Records from a data source:
- - -

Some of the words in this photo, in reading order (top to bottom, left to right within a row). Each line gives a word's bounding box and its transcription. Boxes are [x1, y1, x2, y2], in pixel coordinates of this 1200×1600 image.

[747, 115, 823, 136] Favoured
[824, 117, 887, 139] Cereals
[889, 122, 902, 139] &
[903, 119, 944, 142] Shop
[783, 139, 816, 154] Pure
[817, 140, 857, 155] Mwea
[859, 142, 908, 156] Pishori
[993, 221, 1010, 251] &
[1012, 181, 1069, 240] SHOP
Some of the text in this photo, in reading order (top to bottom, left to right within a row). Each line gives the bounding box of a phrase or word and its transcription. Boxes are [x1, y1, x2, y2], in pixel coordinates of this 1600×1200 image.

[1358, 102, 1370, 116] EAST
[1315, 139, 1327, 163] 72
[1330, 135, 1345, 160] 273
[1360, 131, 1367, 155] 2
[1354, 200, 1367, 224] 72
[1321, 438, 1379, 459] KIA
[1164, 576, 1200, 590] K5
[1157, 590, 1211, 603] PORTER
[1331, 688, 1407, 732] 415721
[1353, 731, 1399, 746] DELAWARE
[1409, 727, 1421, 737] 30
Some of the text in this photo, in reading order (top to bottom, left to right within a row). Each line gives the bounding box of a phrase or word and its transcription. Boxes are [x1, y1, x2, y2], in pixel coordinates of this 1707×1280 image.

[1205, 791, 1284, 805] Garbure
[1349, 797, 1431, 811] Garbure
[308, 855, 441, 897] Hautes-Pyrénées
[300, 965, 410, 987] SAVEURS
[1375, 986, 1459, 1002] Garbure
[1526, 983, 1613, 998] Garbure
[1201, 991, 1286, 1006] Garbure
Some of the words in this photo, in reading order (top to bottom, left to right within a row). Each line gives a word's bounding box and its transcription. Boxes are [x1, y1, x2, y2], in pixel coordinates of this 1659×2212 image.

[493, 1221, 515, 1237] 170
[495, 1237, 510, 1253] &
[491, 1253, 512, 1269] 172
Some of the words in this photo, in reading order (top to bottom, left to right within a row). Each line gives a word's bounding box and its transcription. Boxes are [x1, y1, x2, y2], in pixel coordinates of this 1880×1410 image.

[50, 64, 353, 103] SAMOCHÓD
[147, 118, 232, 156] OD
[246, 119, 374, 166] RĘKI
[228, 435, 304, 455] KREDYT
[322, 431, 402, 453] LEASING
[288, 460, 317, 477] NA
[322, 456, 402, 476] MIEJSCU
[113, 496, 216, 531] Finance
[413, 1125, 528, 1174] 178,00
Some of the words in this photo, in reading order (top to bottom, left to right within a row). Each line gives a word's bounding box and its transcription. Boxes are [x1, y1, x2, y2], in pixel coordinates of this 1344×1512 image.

- - -

## TASK BRIEF
Restate the records word for word, leaving nothing out.

## WRITTEN RESPONSE
Some of the words in this photo, in reading order (top to bottom, left to right within a row). Each line gives a word's bounding box and its transcription. Boxes are [x1, y1, x2, y2], in pixel coordinates of this 1200×1600 image.

[747, 115, 823, 136] Favoured
[824, 117, 887, 139] Cereals
[889, 122, 902, 139] &
[903, 119, 944, 142] Shop
[783, 139, 816, 154] Pure
[817, 140, 857, 155] Mwea
[859, 142, 908, 156] Pishori
[993, 221, 1010, 251] &
[1012, 181, 1069, 240] SHOP
Some of the text in this photo, in reading order (top to bottom, left to right within a row). Each line gives the bounding box of a phrase or word and its transcription. Boxes are [x1, y1, x2, y2], in pixel coordinates of this 1600×1200 image.

[1358, 102, 1370, 116] EAST
[1315, 139, 1327, 163] 72
[1330, 135, 1345, 160] 273
[1360, 131, 1367, 155] 2
[1354, 200, 1367, 224] 72
[1321, 438, 1379, 459] KIA
[1164, 576, 1200, 590] K5
[1157, 590, 1211, 603] PORTER
[1331, 688, 1407, 732] 415721
[1353, 731, 1399, 746] DELAWARE
[1409, 727, 1421, 737] 30
Some of the text in this photo, in reading order (top to bottom, left to right within a row). Each line gives the bounding box of a phrase or word and its transcription. Boxes are [x1, y1, x2, y2], in pixel coordinates of this 1707×1280 image.

[1205, 791, 1284, 805] Garbure
[1349, 797, 1431, 811] Garbure
[308, 855, 441, 897] Hautes-Pyrénées
[300, 965, 410, 987] SAVEURS
[1375, 986, 1459, 1002] Garbure
[1526, 983, 1613, 998] Garbure
[1201, 991, 1286, 1006] Garbure
Some of the words in this photo, in reading order (top to bottom, left to right within a row). Each line gives a word's bounding box and its transcription. Boxes are [x1, y1, x2, y2], in pixel coordinates of this 1659×2212 image.

[493, 1221, 515, 1237] 170
[495, 1237, 510, 1253] &
[491, 1253, 512, 1269] 172
Some of the words in this photo, in reading order (top to bottom, left to right within a row). Each line gives a word's bounding box and its transcription. Boxes are [x1, y1, x2, y2], in pixel coordinates of this 1880×1410 image.

[50, 64, 353, 103] SAMOCHÓD
[147, 118, 232, 156] OD
[246, 119, 374, 166] RĘKI
[228, 435, 304, 455] KREDYT
[322, 431, 402, 453] LEASING
[288, 460, 317, 477] NA
[322, 456, 402, 476] MIEJSCU
[113, 496, 216, 531] Finance
[413, 1125, 528, 1174] 178,00
Some of the words in this photo, in reading order (top to bottom, left to right within a row). Each line gives a word's bounding box and its transcription. Boxes are [x1, y1, x2, y2], in pixel coordinates of this 1344×1512 image.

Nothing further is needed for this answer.